Problem to work on:
The records below are to be copied exactly, with their pictures left out.
........
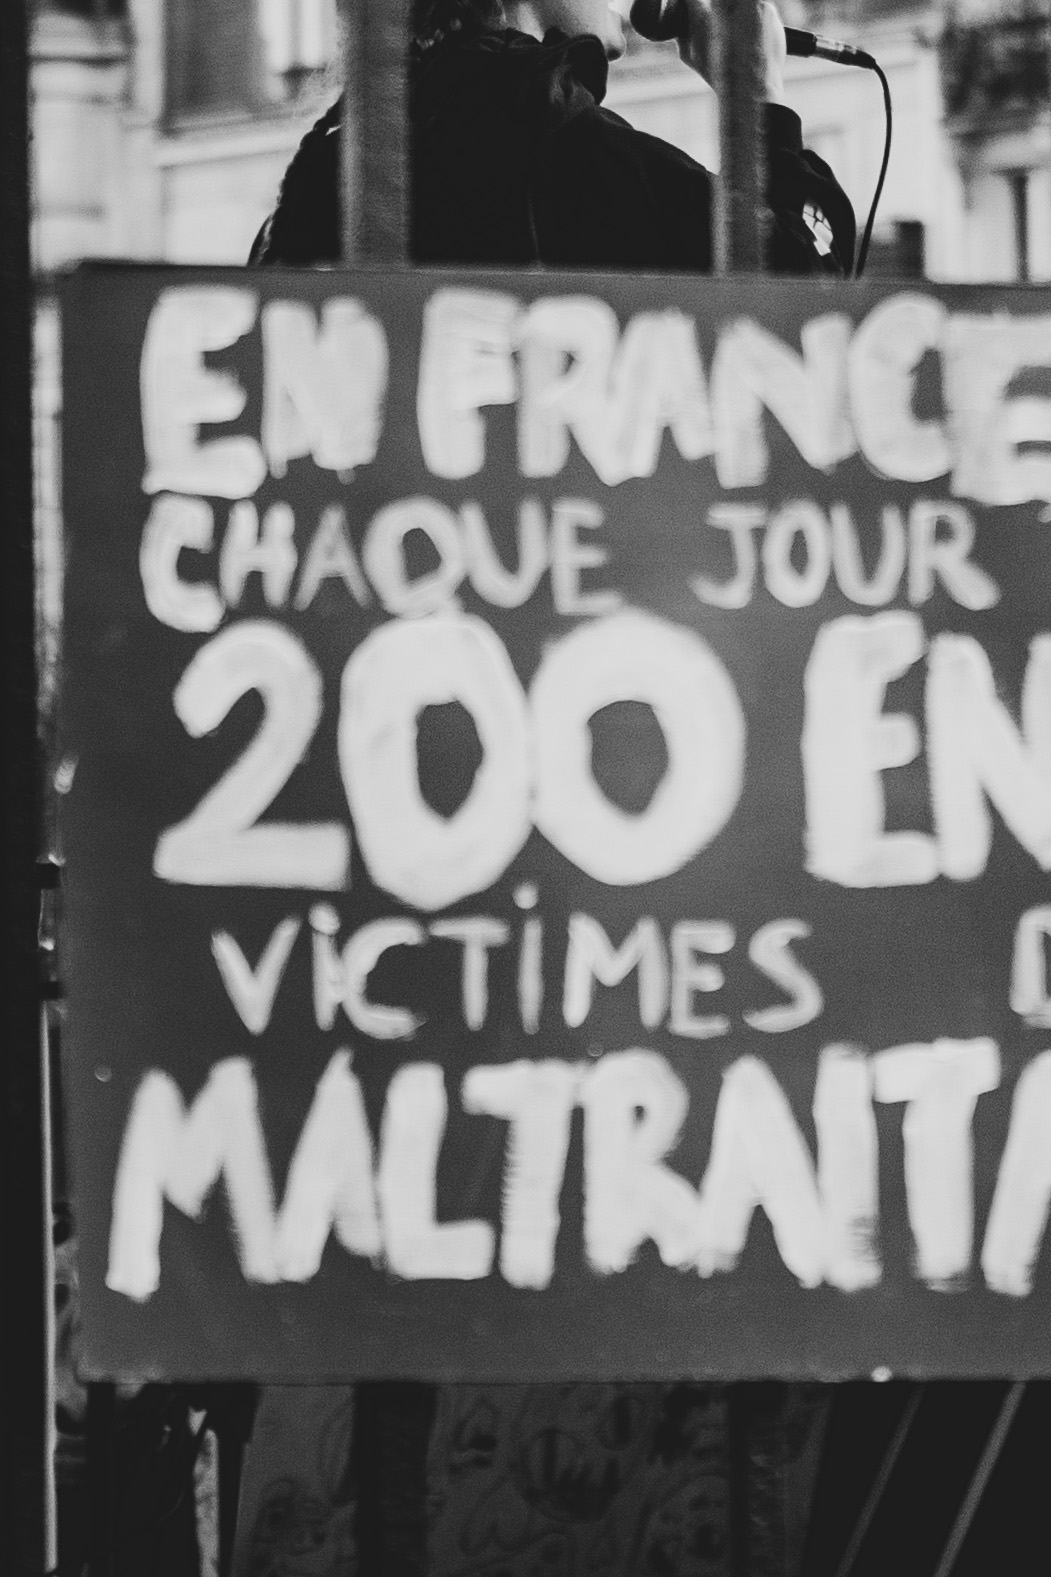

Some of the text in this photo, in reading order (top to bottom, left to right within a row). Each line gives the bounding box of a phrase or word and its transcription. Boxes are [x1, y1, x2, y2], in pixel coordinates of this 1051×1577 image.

[140, 287, 388, 499] EN
[140, 494, 999, 631] CHAQUE JOUR
[153, 610, 745, 911] 200
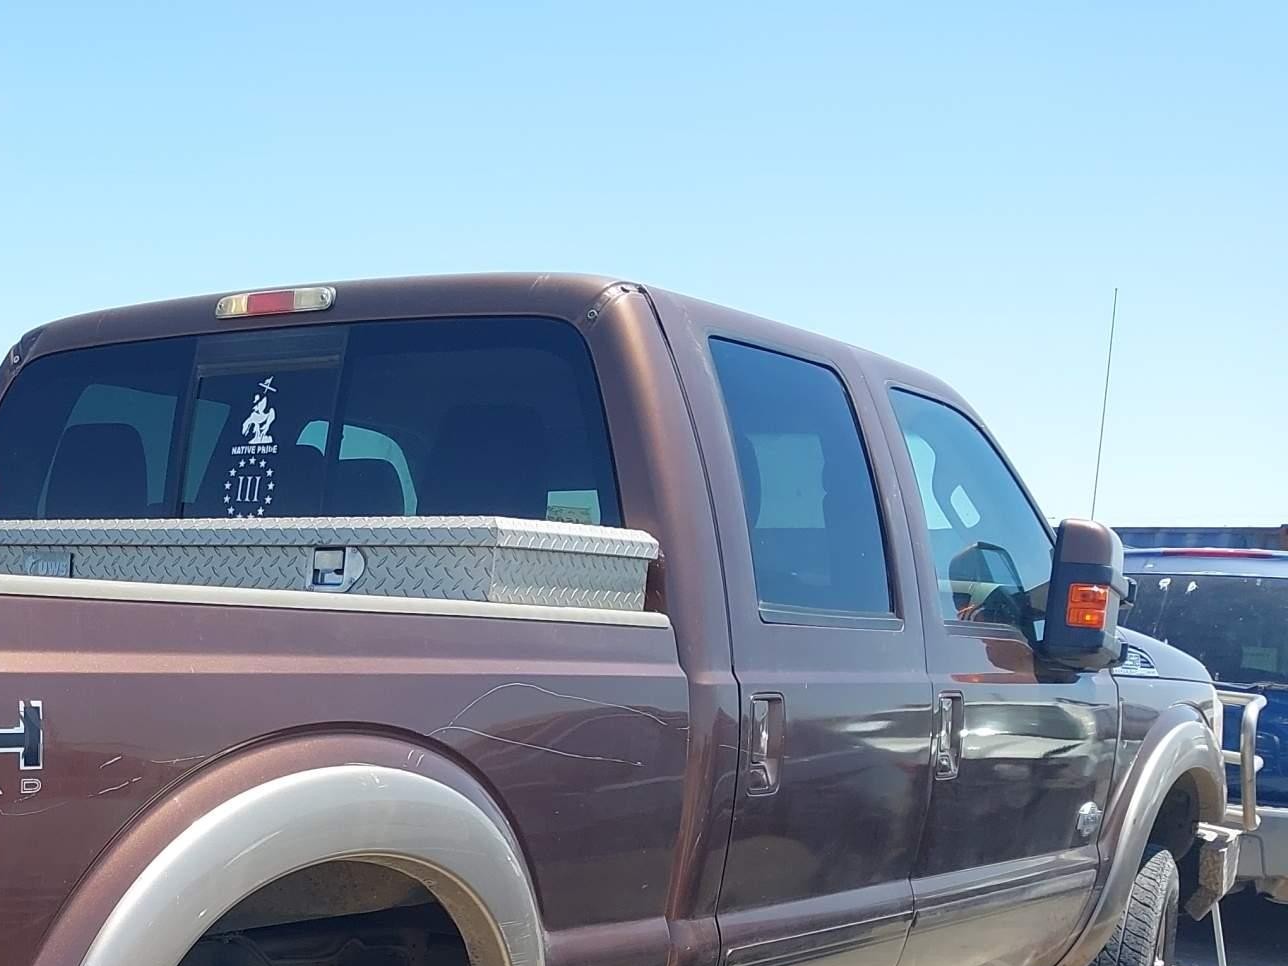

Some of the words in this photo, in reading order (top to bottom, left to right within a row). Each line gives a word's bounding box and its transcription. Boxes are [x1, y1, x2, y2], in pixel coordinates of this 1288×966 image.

[232, 445, 256, 455] NATIVE
[257, 445, 278, 454] PRIDE
[236, 476, 261, 502] III
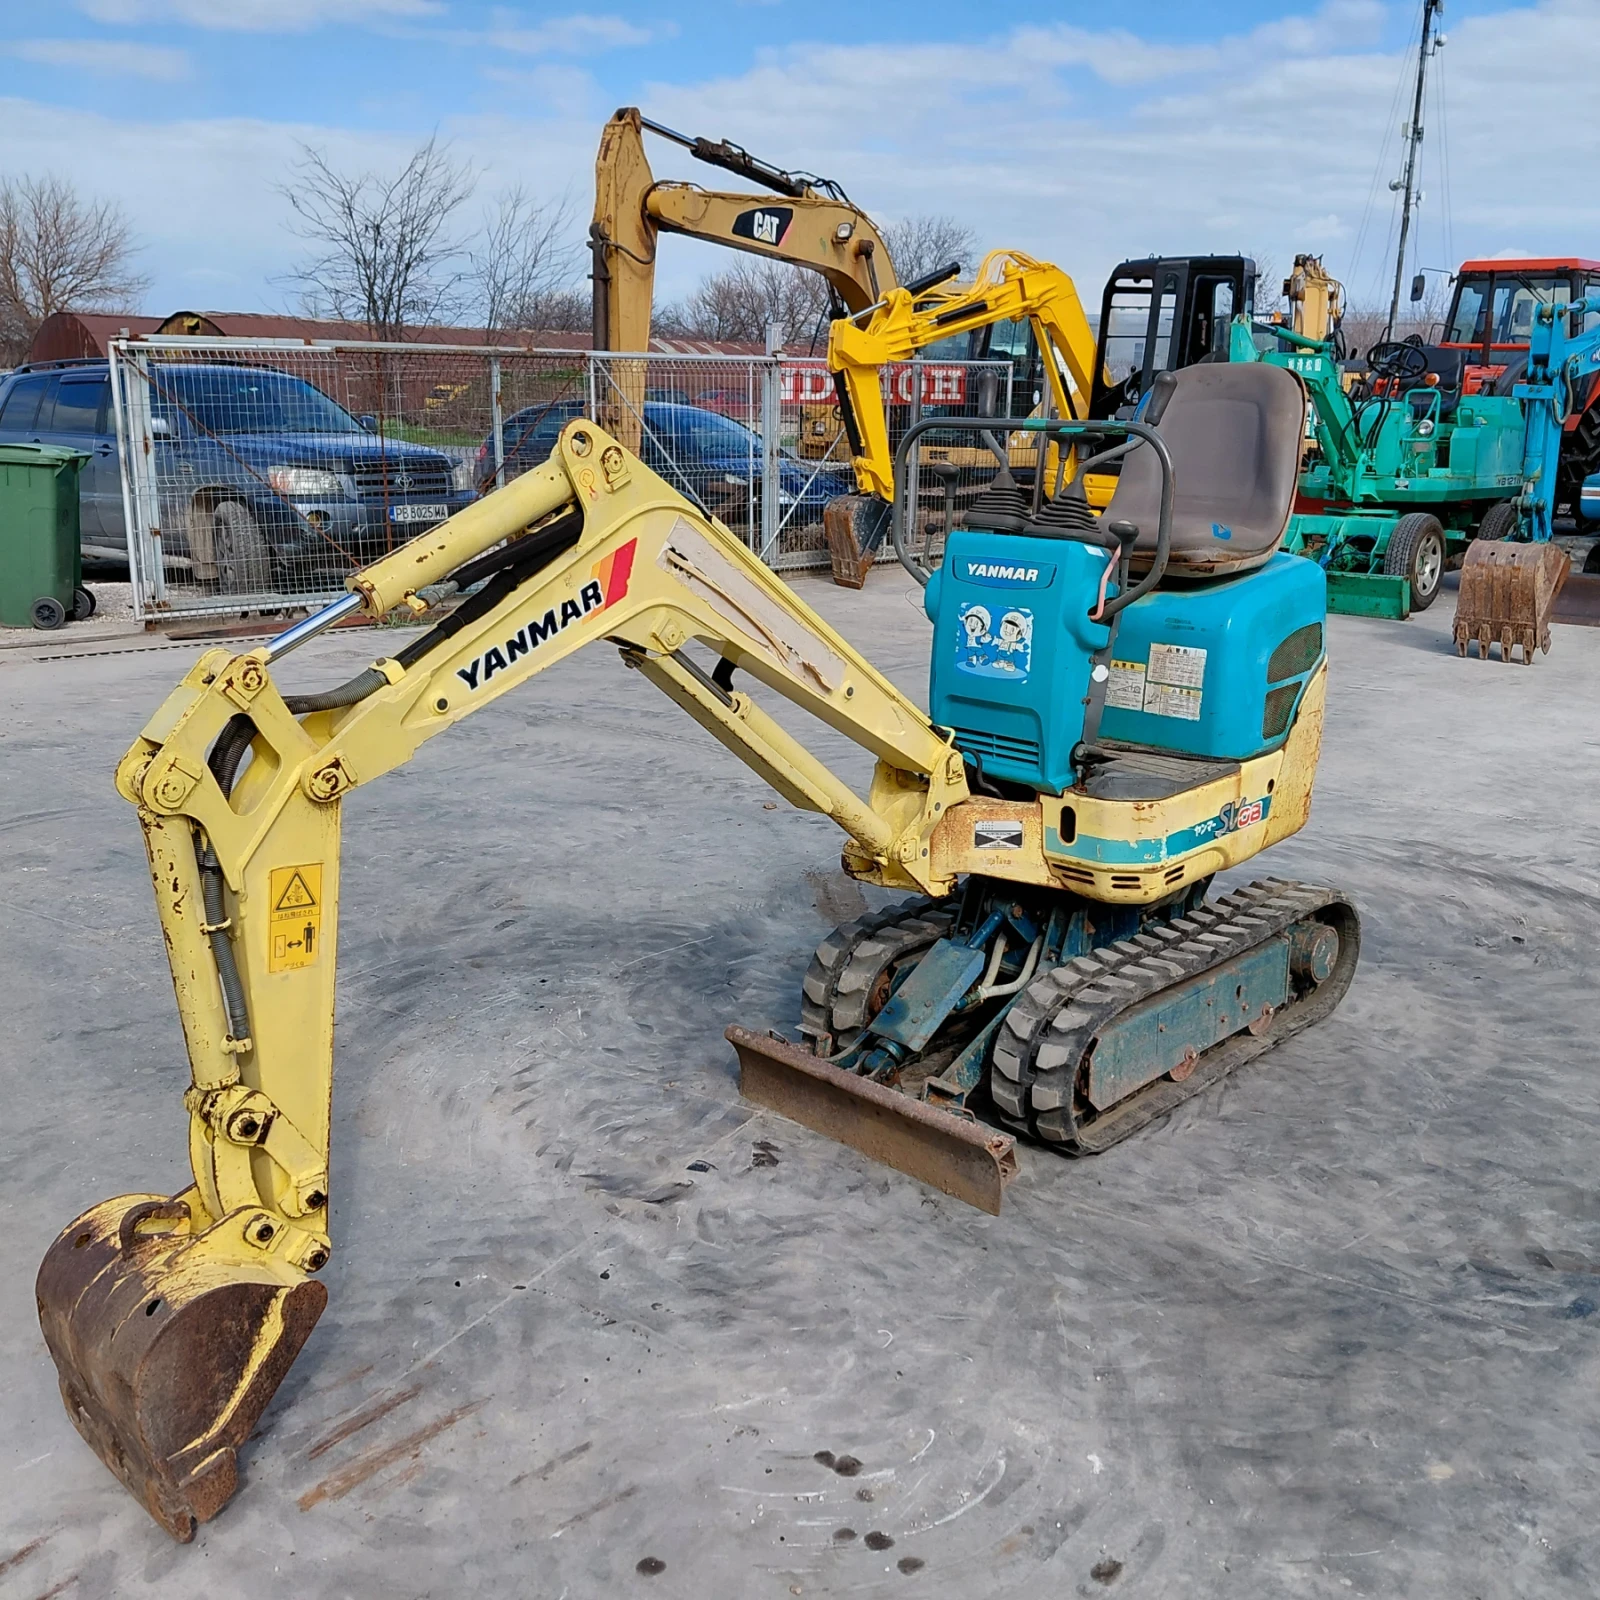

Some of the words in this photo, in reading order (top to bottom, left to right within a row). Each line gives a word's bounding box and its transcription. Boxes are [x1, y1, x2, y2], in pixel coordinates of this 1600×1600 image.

[753, 211, 779, 243] CAT
[410, 506, 433, 519] 8025
[967, 563, 1038, 582] YANMAR
[456, 580, 603, 691] YANMAR
[1194, 820, 1217, 837] ヤンマー
........
Result of this task:
Some of the text in this photo, in reading order (top to bottom, left to right within a row). Each line gives the bounding box of a phrase or word and its transcription. Boxes are [x1, y1, x2, y2], in pixel coordinates of this 1051×1577 image.

[140, 287, 388, 499] EN
[140, 494, 999, 631] CHAQUE JOUR
[153, 610, 745, 911] 200

Some of the words in this photo, in reading order (top to bottom, left to right within a row). Each line gives a word's bounding box and its transcription. Boxes are [x1, y1, x2, y2], in pixel coordinates of this 1288×966 image.

[232, 445, 256, 455] NATIVE
[257, 445, 278, 454] PRIDE
[236, 476, 261, 502] III

Some of the words in this photo, in reading order (top to bottom, left to right within a row). Each line gives a word's bounding box and its transcription. Boxes are [x1, y1, x2, y2], in pixel coordinates of this 1600×1600 image.

[753, 211, 779, 243] CAT
[410, 506, 433, 519] 8025
[967, 563, 1038, 582] YANMAR
[456, 580, 603, 691] YANMAR
[1194, 820, 1217, 837] ヤンマー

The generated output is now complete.